##### Given entries
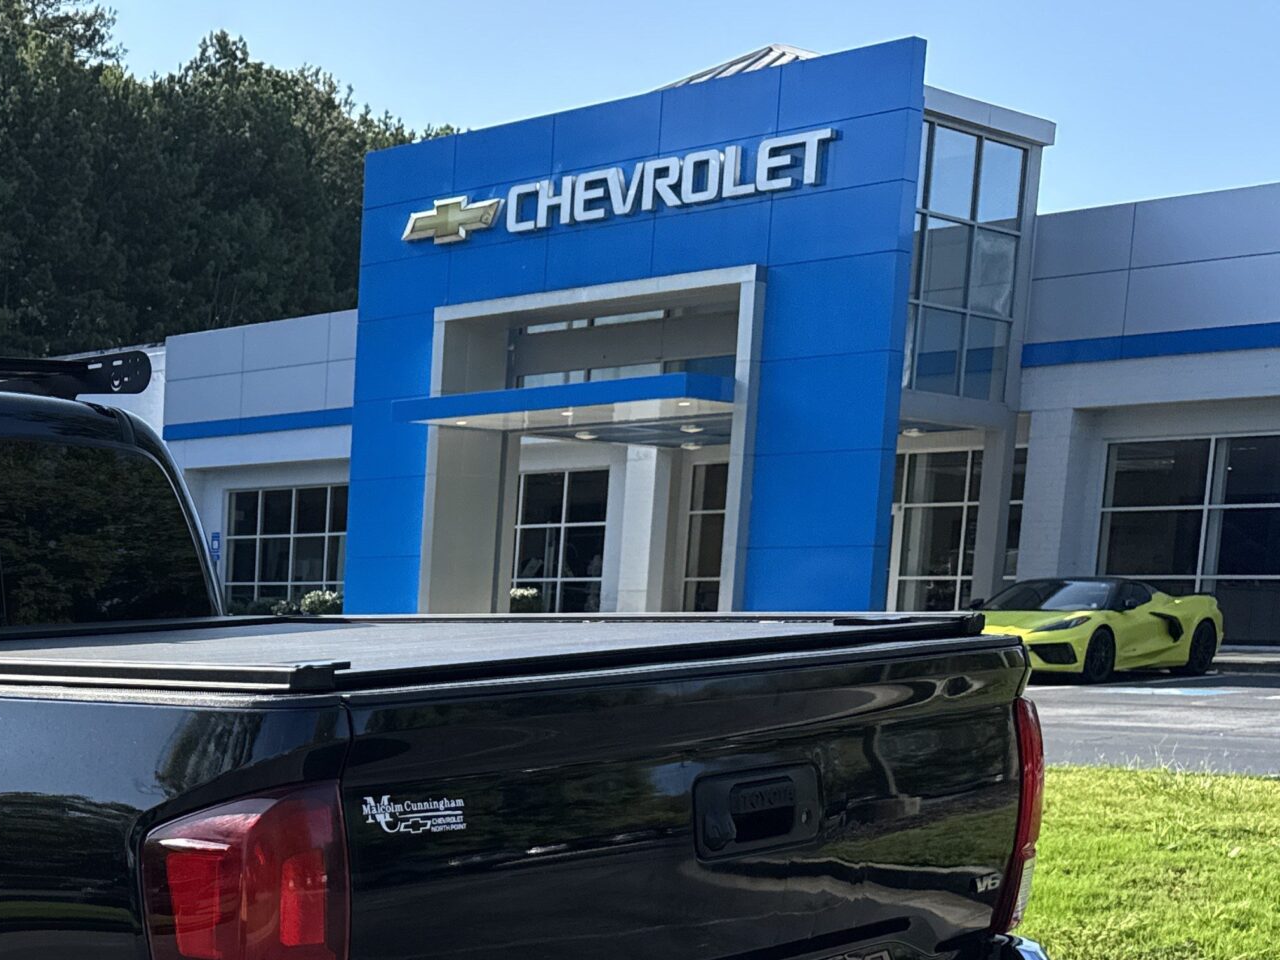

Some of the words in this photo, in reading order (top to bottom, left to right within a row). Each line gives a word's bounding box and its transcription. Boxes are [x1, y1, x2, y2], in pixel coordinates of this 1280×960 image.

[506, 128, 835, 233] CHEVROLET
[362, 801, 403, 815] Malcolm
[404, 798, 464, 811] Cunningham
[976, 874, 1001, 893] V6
##########
## About this exercise
With the pictures dropped, give every entry above again exactly.

## Finished task
Some of the words in this photo, in reading order (top to bottom, left to right within a row). Each line gives a word's bounding box and its transcription. Boxes are [x1, y1, x2, y2], in pixel coordinates of this 1280×960 image.

[506, 128, 835, 233] CHEVROLET
[362, 801, 403, 815] Malcolm
[404, 798, 464, 811] Cunningham
[976, 874, 1001, 893] V6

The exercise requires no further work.